I will conclude this chapter on Feminist Lies and Fallacies with a fallacy of false analogy or false illustration, according as we may choose to term it. This quasi-argument was recently put forward in a defence speech by one of the prisoners in a suffragette trial and was subsequently repeated by George Bernard Shaw in a letter to The Times. Put briefly, the point attempted to be made is as follows: – Apostrophising men, it is said: “How would you like it if the historical relations of the sexes were reversed, if the making and the administrating of the laws and the whole power of the State were in the hands of women? Would not you revolt in such a condition of affairs?” Now to this quasi-argument the reply is sufficiently clear.

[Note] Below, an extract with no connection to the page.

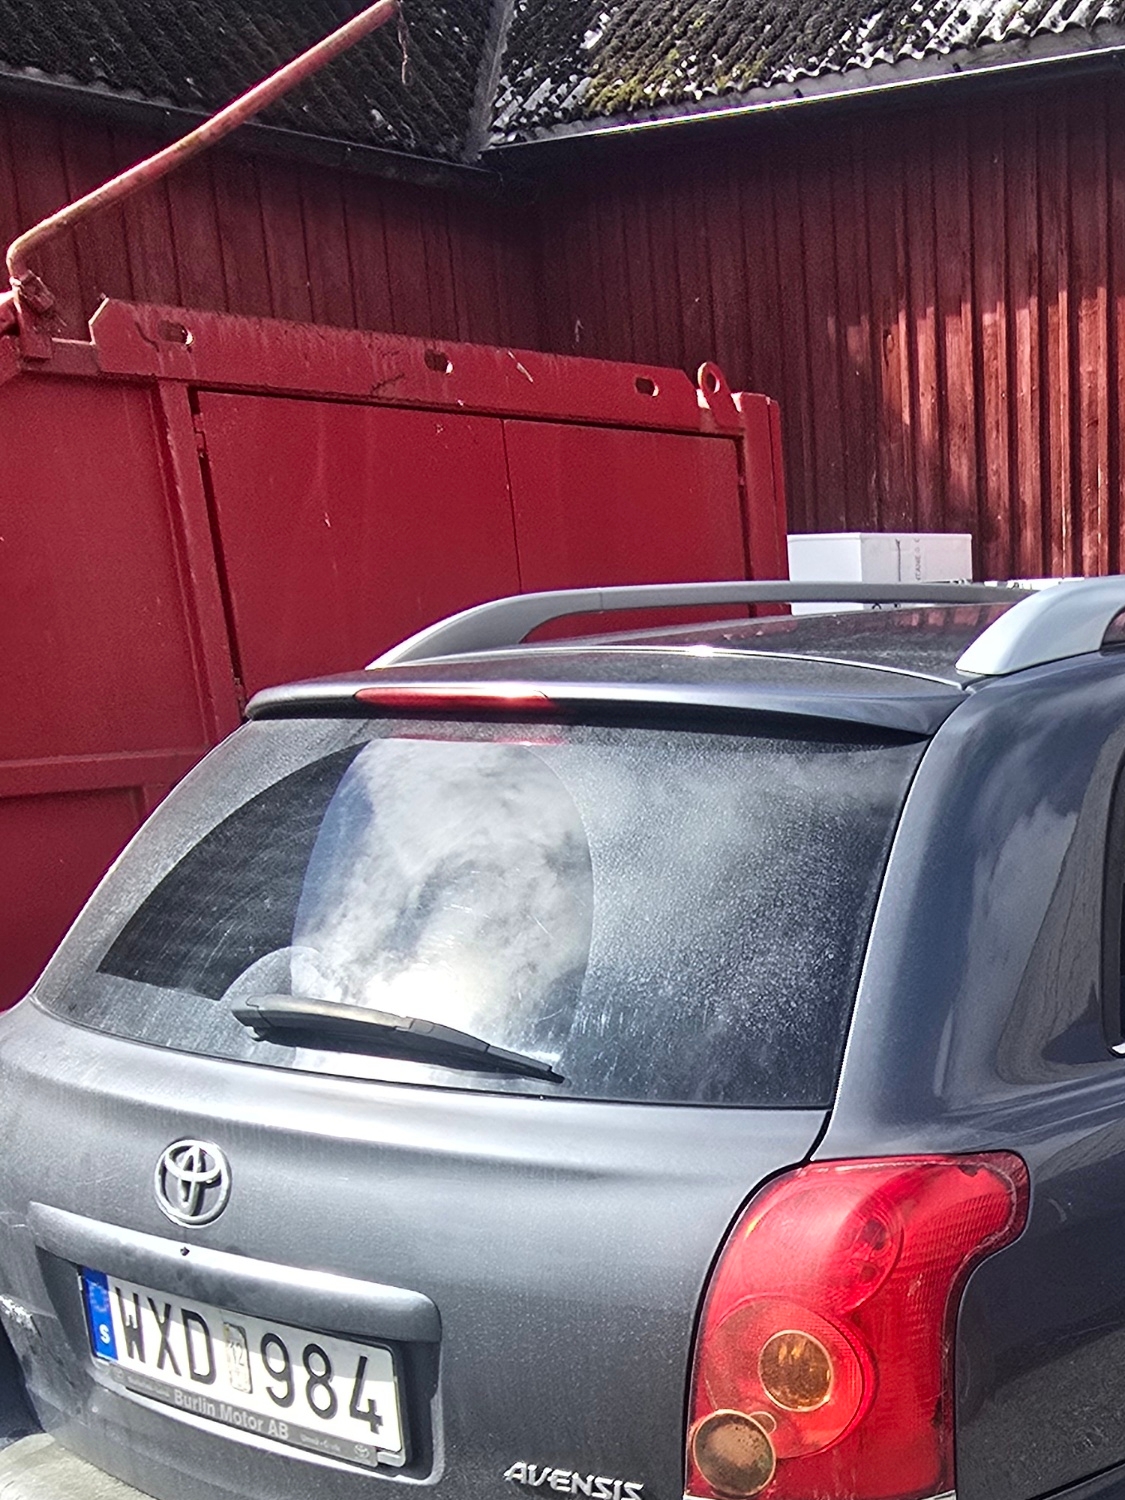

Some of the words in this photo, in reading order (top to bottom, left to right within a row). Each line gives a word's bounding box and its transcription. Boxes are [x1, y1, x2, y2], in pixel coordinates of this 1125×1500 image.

The moral intended to be conveyed in the hypothetical question put, is that women have just as much right to object to men’s domination, as men would have to object to women’s domination. But it is plain that the point of the whole question resides in a petitio principie– to wit, in the assumption that those challenged admit equal intellectual capacity and equal moral stability as between the average woman and the average man. Failing this assumption the challenge becomes senseless and futile. If we ignore mental and moral differences it is only a question of degree as to when we are landed in obvious absurdity. In “Gulliver’s Travels” we have a picture of society in which horses ruled the roost, and lorded it over human beings. In this satire Swift in effect put the question: “How would you humans like to be treated by horses as inferiors, just as horses are treated by you to-day?” I am, be it remembered, not instituting any comparison between the two cases, beyond pointing out that the argument as an argument is intrinsically the same in both.